**Task data:**
==============================
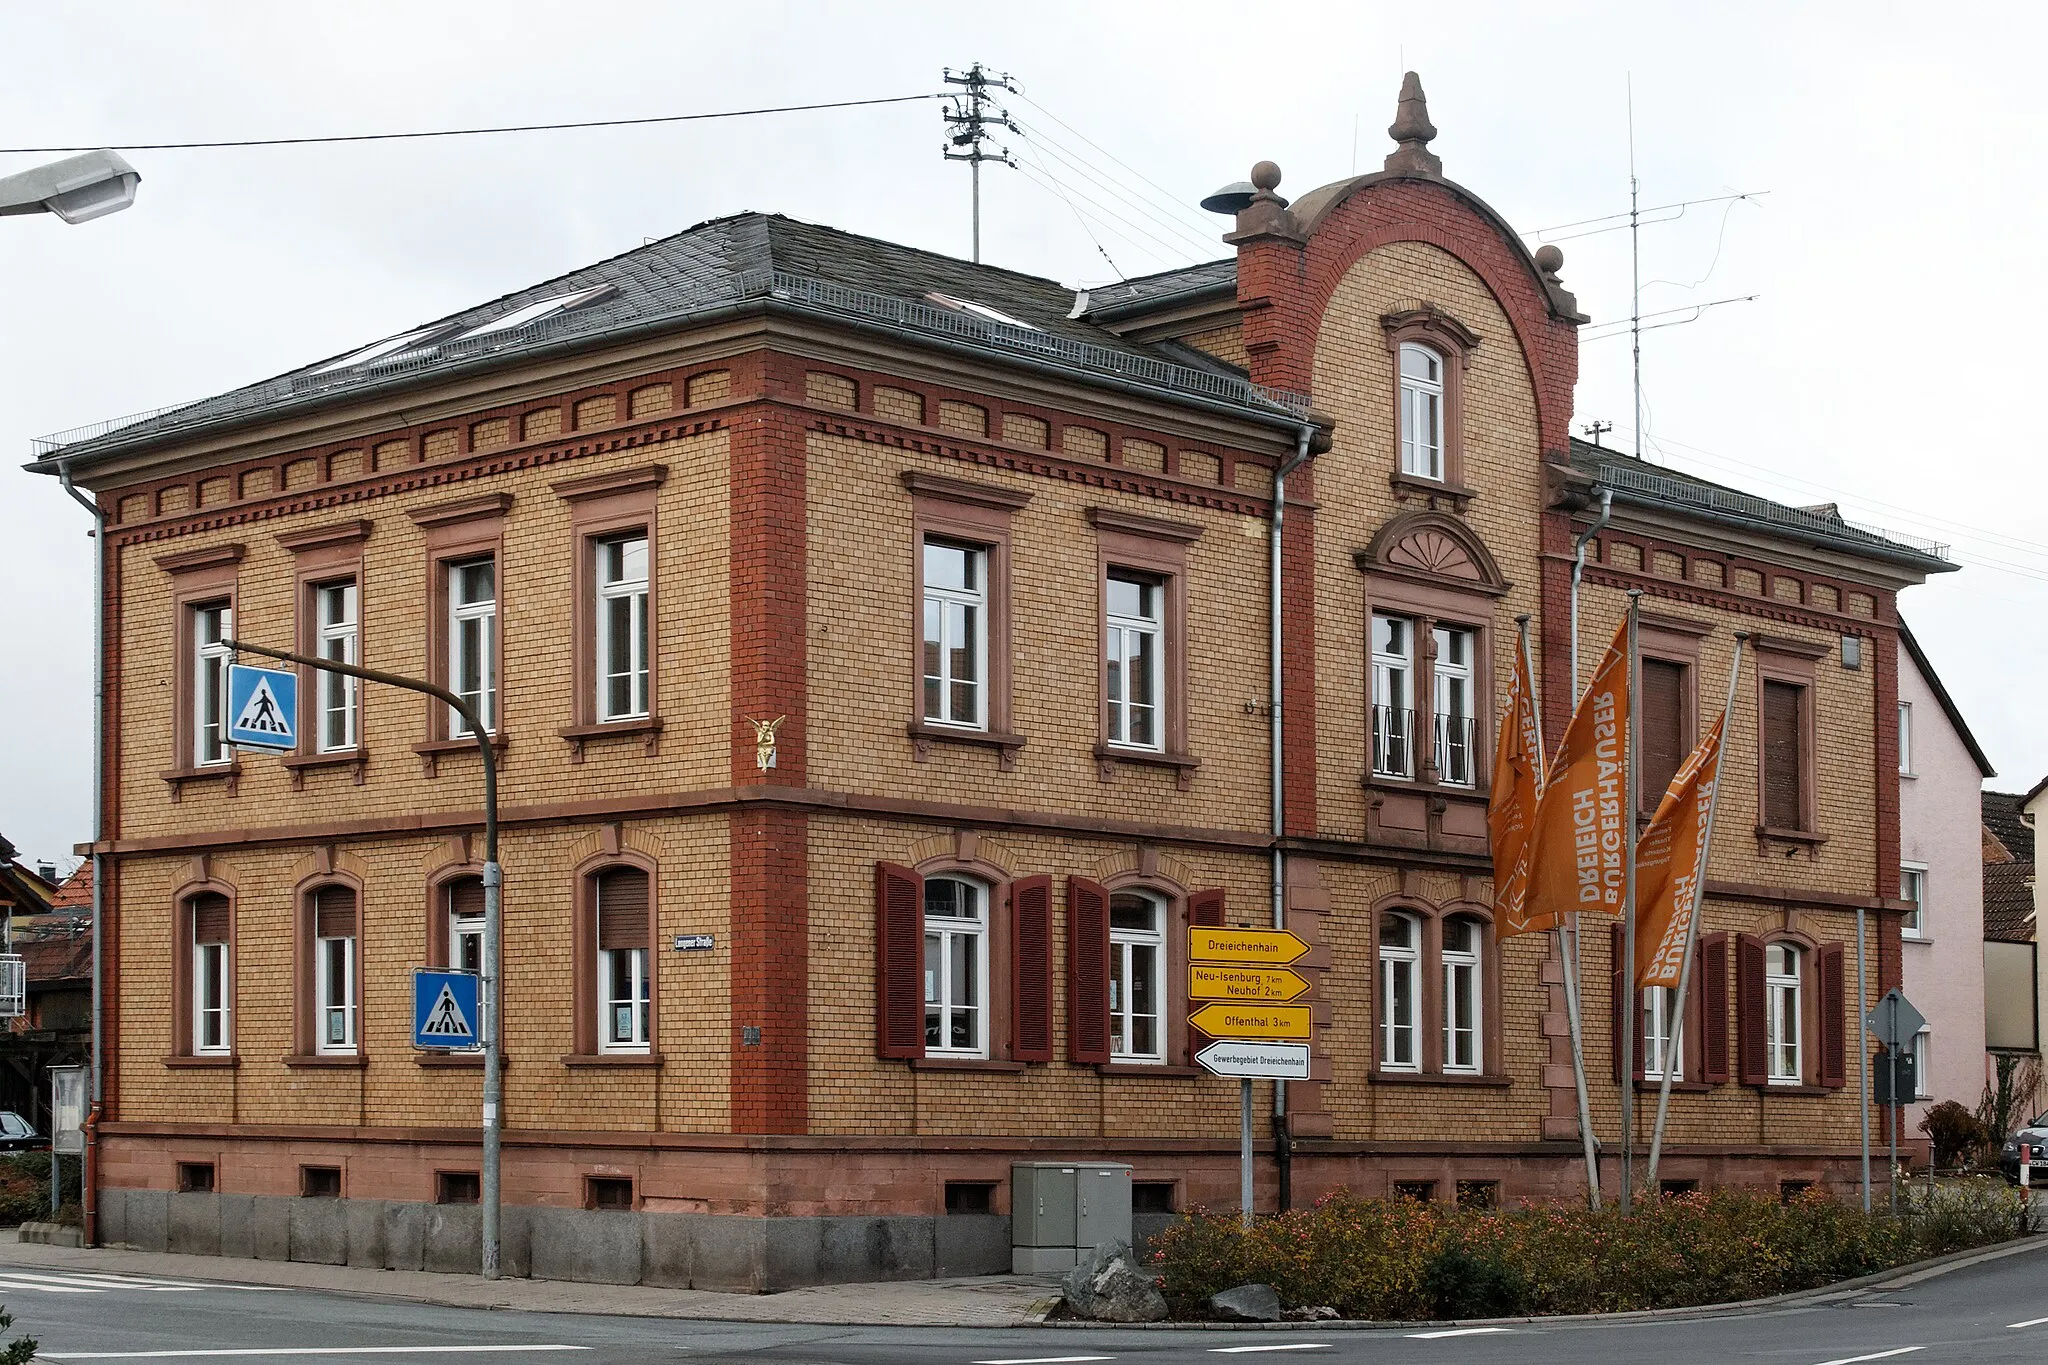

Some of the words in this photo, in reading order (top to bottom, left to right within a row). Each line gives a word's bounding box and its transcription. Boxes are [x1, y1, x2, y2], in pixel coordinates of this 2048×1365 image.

[1208, 940, 1278, 953] Dreieichenhain
[1196, 970, 1261, 985] Neu-Isenburg
[1227, 985, 1261, 996] Neuhof
[1225, 1015, 1268, 1027] Offenthal
[1214, 1054, 1259, 1066] Gewerbegebiet
[1260, 1056, 1305, 1066] Dreieichenhain
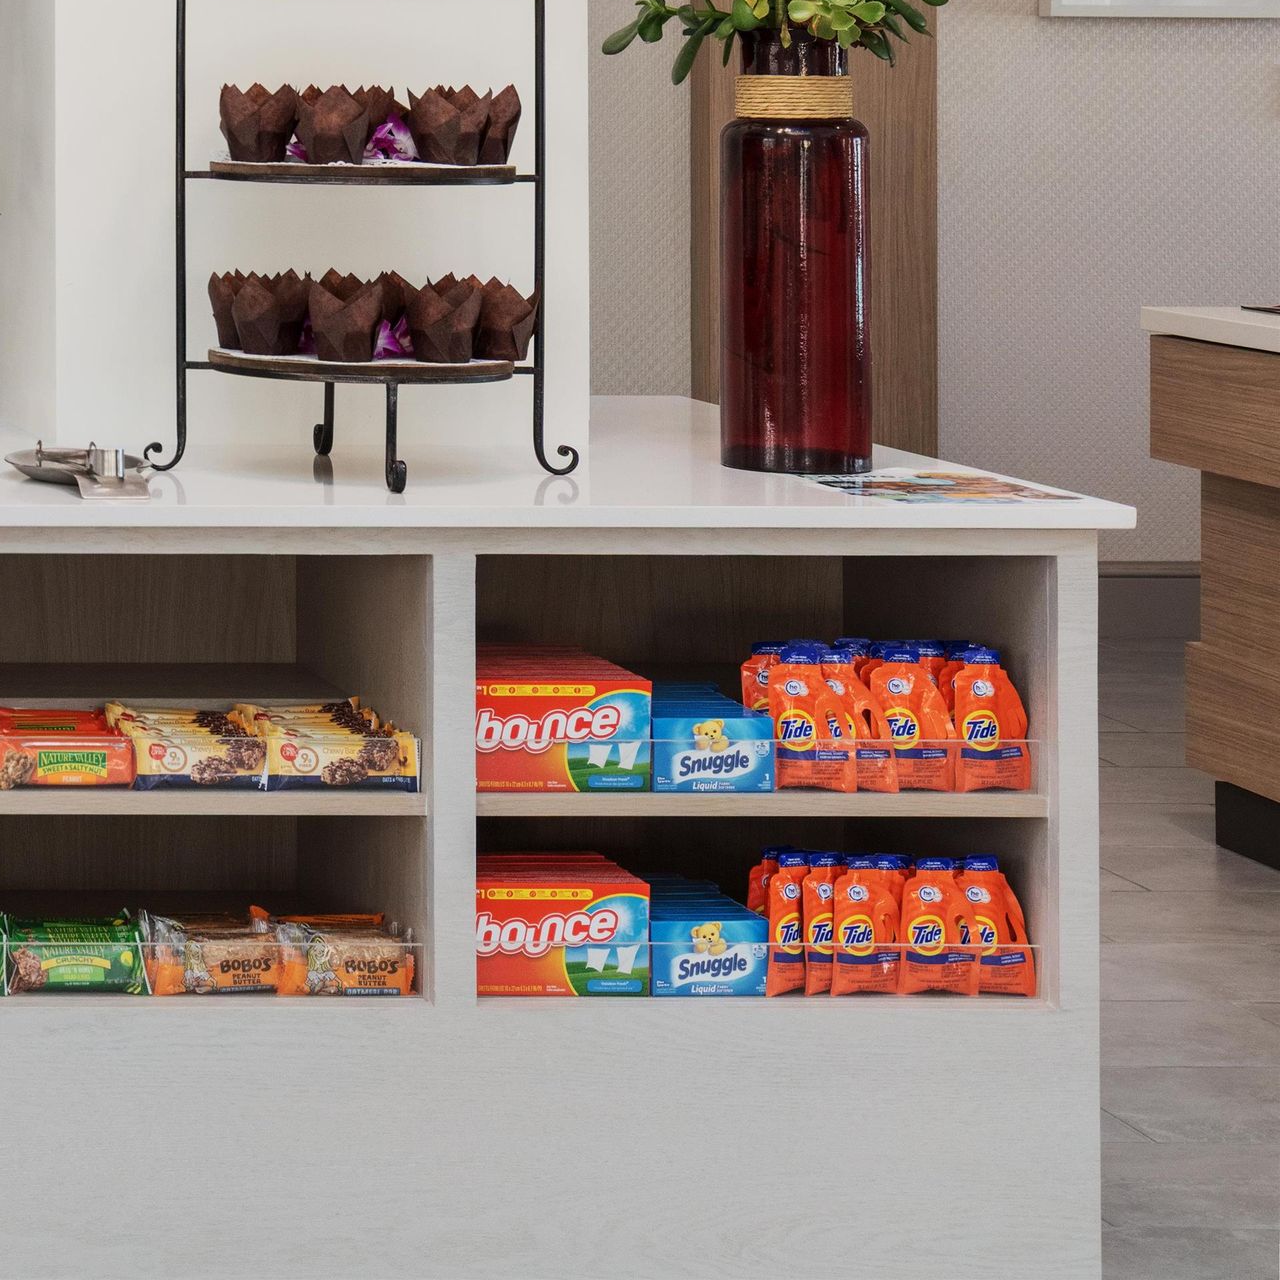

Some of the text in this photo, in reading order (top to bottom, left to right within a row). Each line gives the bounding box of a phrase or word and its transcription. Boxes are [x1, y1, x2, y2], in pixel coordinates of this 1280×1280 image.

[476, 705, 619, 751] bounce
[781, 718, 813, 740] Tide
[967, 719, 997, 741] Tide
[40, 751, 105, 767] NATURE VALLEY
[323, 747, 343, 757] Chewy
[42, 764, 103, 774] SWEET SALTY NUT
[679, 750, 750, 777] Snuggle
[692, 781, 718, 791] Liquid
[476, 908, 617, 955] bounce
[812, 922, 833, 946] Tid
[843, 924, 872, 947] Tide
[912, 923, 942, 946] Tide
[42, 945, 105, 959] NATURE VALLEY
[56, 956, 94, 964] CRUNCHY
[220, 957, 272, 974] BOBO'S
[345, 959, 400, 974] BOBO'S
[678, 952, 747, 980] Snuggle
[691, 984, 716, 994] Liquid
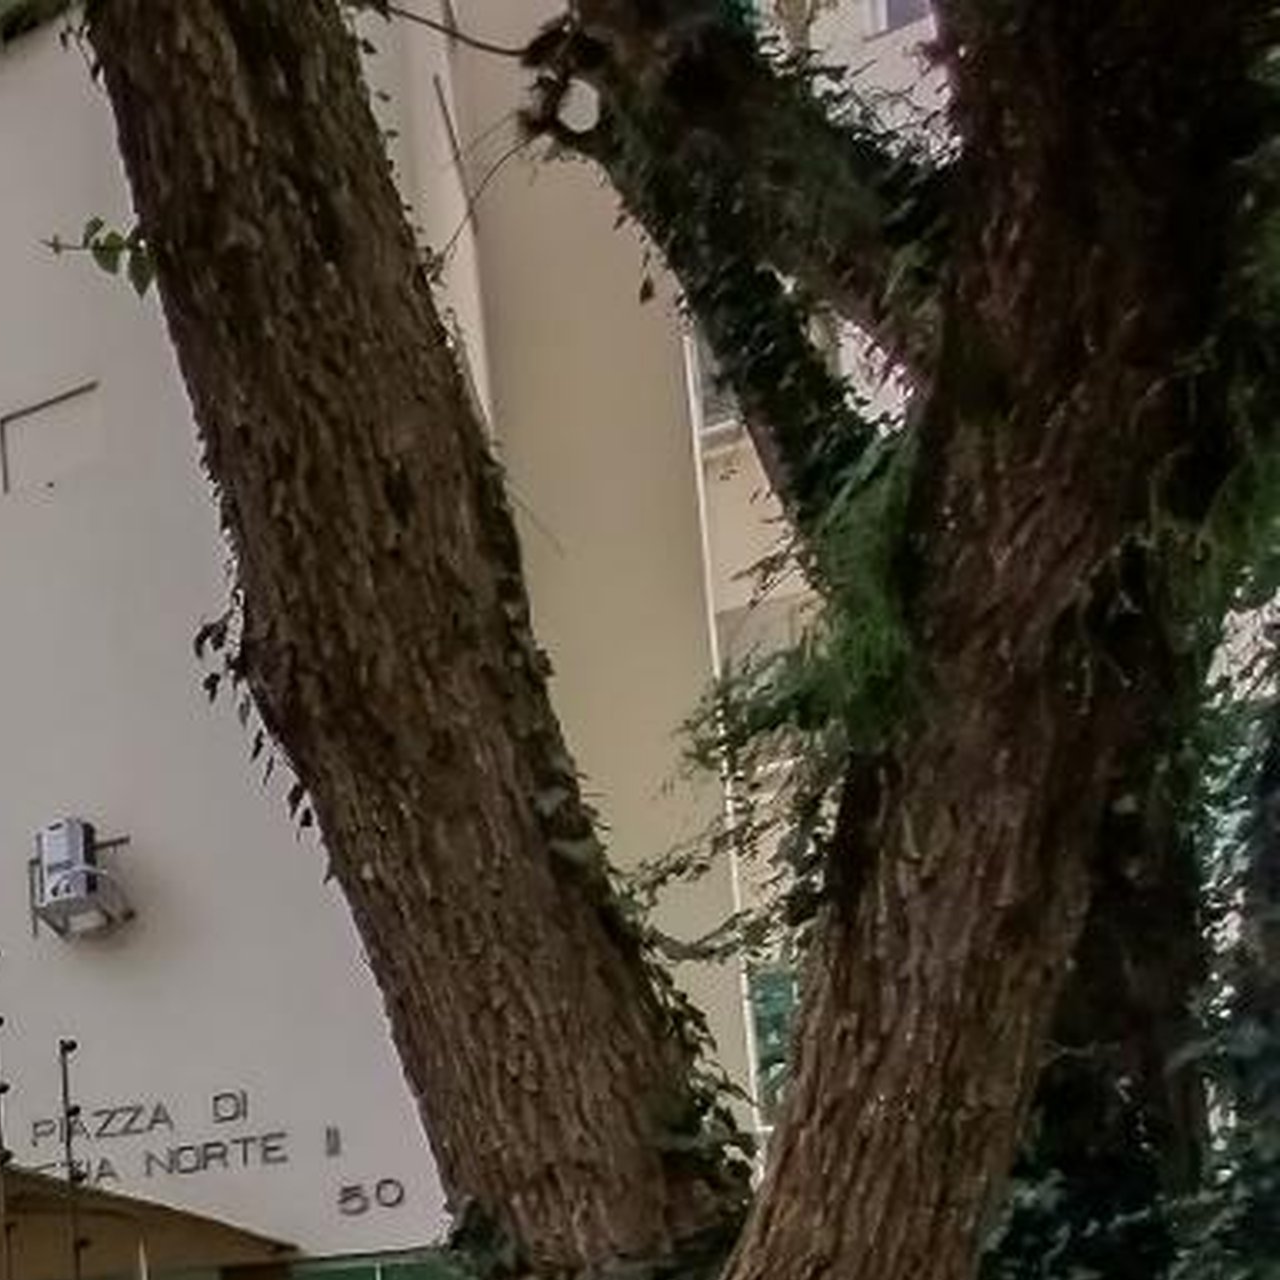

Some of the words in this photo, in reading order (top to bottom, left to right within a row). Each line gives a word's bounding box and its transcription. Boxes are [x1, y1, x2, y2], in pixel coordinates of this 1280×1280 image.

[213, 1090, 248, 1123] DI
[144, 1131, 288, 1176] NORTE
[338, 1178, 404, 1215] 50
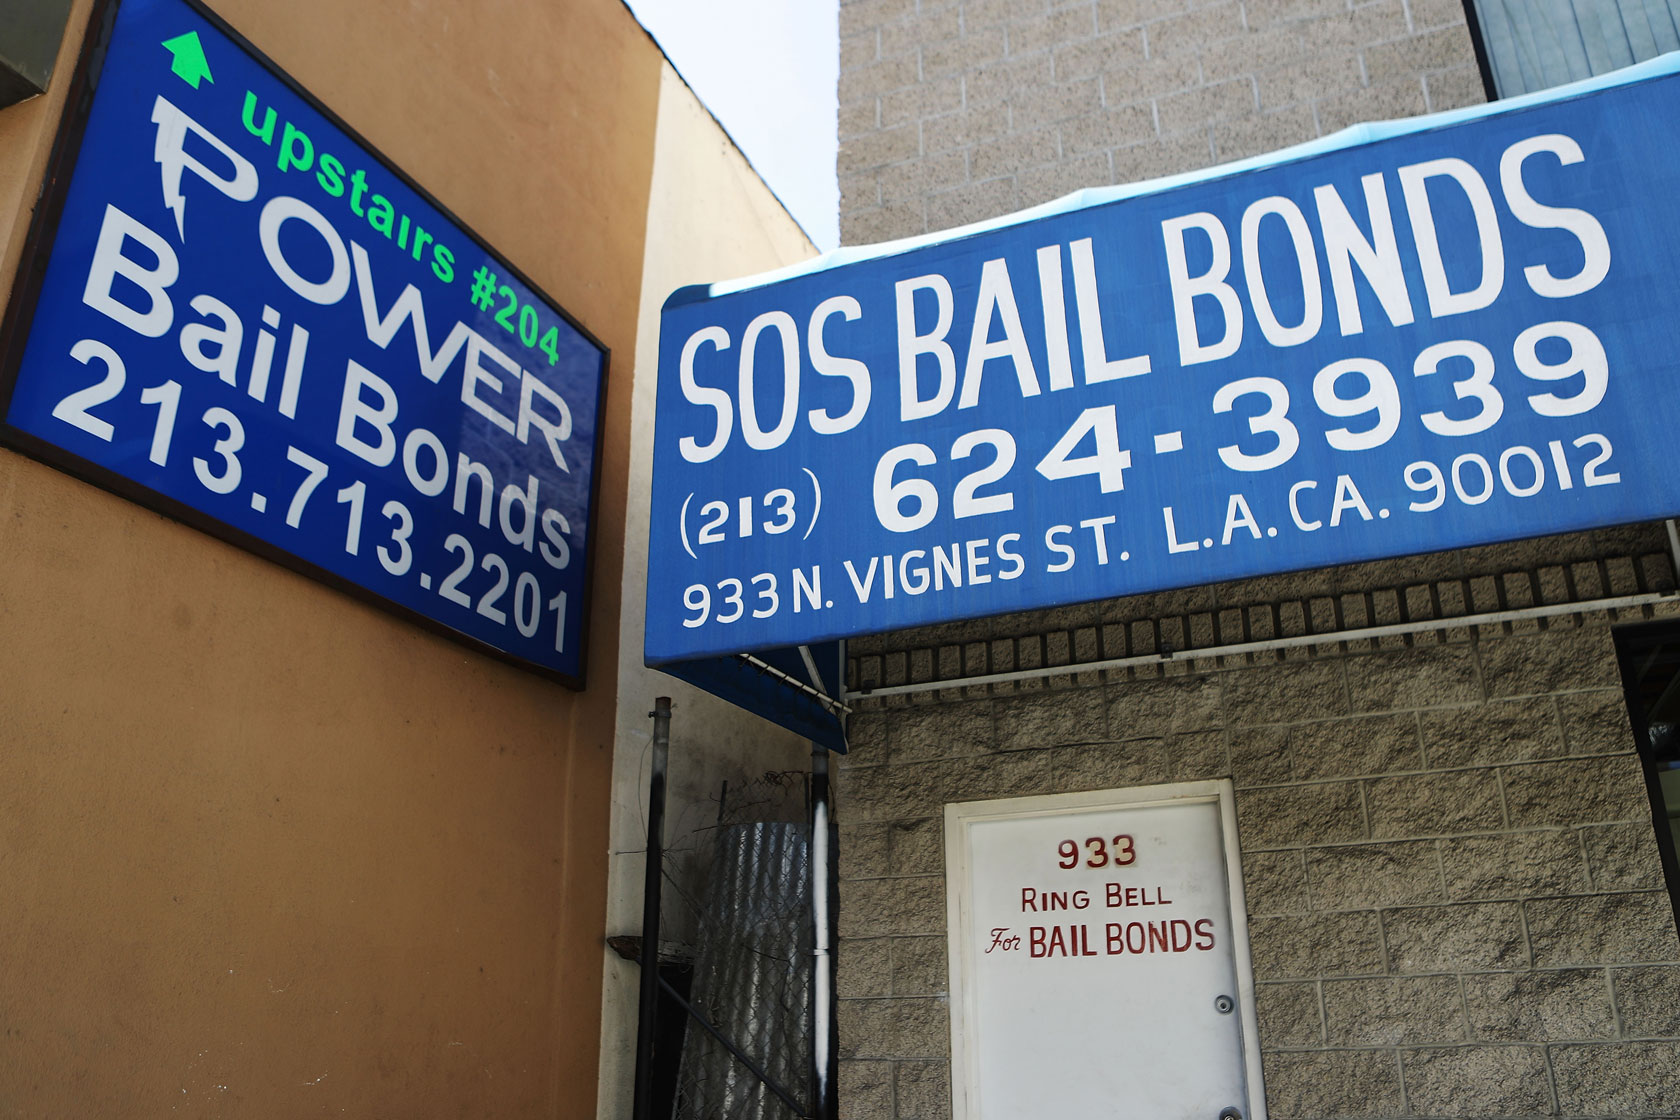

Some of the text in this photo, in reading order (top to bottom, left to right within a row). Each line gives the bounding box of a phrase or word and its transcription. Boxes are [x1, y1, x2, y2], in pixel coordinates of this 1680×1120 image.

[151, 94, 573, 475] POWER
[241, 90, 559, 366] upstairs #204
[679, 133, 1611, 464] SOS BAIL BONDS
[52, 339, 567, 654] 213.713.2201
[82, 204, 571, 570] Bail Bonds
[680, 320, 1609, 559] (213) 624-3939
[682, 572, 779, 628] 933
[792, 565, 833, 613] N.
[843, 533, 1024, 603] VIGNES
[1045, 515, 1130, 573] ST.
[1404, 433, 1621, 513] 90012
[985, 919, 1216, 958] For BAIL BONDS
[1058, 834, 1137, 869] 933
==============================
**What the exercise asks:** Pictures aside, please output the whole listing exactly as it appears above.

**Answer:**
Some of the words in this photo, in reading order (top to bottom, left to right within a row). Each line gives a word's bounding box and its transcription. Boxes are [x1, y1, x2, y2], in pixel coordinates of this 2048×1365 image.

[1208, 940, 1278, 953] Dreieichenhain
[1196, 970, 1261, 985] Neu-Isenburg
[1227, 985, 1261, 996] Neuhof
[1225, 1015, 1268, 1027] Offenthal
[1214, 1054, 1259, 1066] Gewerbegebiet
[1260, 1056, 1305, 1066] Dreieichenhain

Some of the text in this photo, in reading order (top to bottom, left to right within a row). Each line gives the bounding box of a phrase or word and its transcription. Boxes are [x1, y1, x2, y2], in pixel coordinates of this 1280×1280 image.

[476, 705, 619, 751] bounce
[781, 718, 813, 740] Tide
[967, 719, 997, 741] Tide
[40, 751, 105, 767] NATURE VALLEY
[323, 747, 343, 757] Chewy
[42, 764, 103, 774] SWEET SALTY NUT
[679, 750, 750, 777] Snuggle
[692, 781, 718, 791] Liquid
[476, 908, 617, 955] bounce
[812, 922, 833, 946] Tid
[843, 924, 872, 947] Tide
[912, 923, 942, 946] Tide
[42, 945, 105, 959] NATURE VALLEY
[56, 956, 94, 964] CRUNCHY
[220, 957, 272, 974] BOBO'S
[345, 959, 400, 974] BOBO'S
[678, 952, 747, 980] Snuggle
[691, 984, 716, 994] Liquid

Some of the words in this photo, in reading order (top to bottom, left to right within a row). Each line gives a word's bounding box and its transcription. Boxes are [x1, y1, x2, y2], in pixel coordinates of this 1280×1280 image.

[213, 1090, 248, 1123] DI
[144, 1131, 288, 1176] NORTE
[338, 1178, 404, 1215] 50

Some of the text in this photo, in reading order (top to bottom, left to right within a row). Each line gives the bounding box of a phrase or word and its transcription. Boxes are [x1, y1, x2, y2], in pixel coordinates of this 1680×1120 image.

[151, 94, 573, 475] POWER
[241, 90, 559, 366] upstairs #204
[679, 133, 1611, 464] SOS BAIL BONDS
[52, 339, 567, 654] 213.713.2201
[82, 204, 571, 570] Bail Bonds
[680, 320, 1609, 559] (213) 624-3939
[682, 572, 779, 628] 933
[792, 565, 833, 613] N.
[843, 533, 1024, 603] VIGNES
[1045, 515, 1130, 573] ST.
[1404, 433, 1621, 513] 90012
[985, 919, 1216, 958] For BAIL BONDS
[1058, 834, 1137, 869] 933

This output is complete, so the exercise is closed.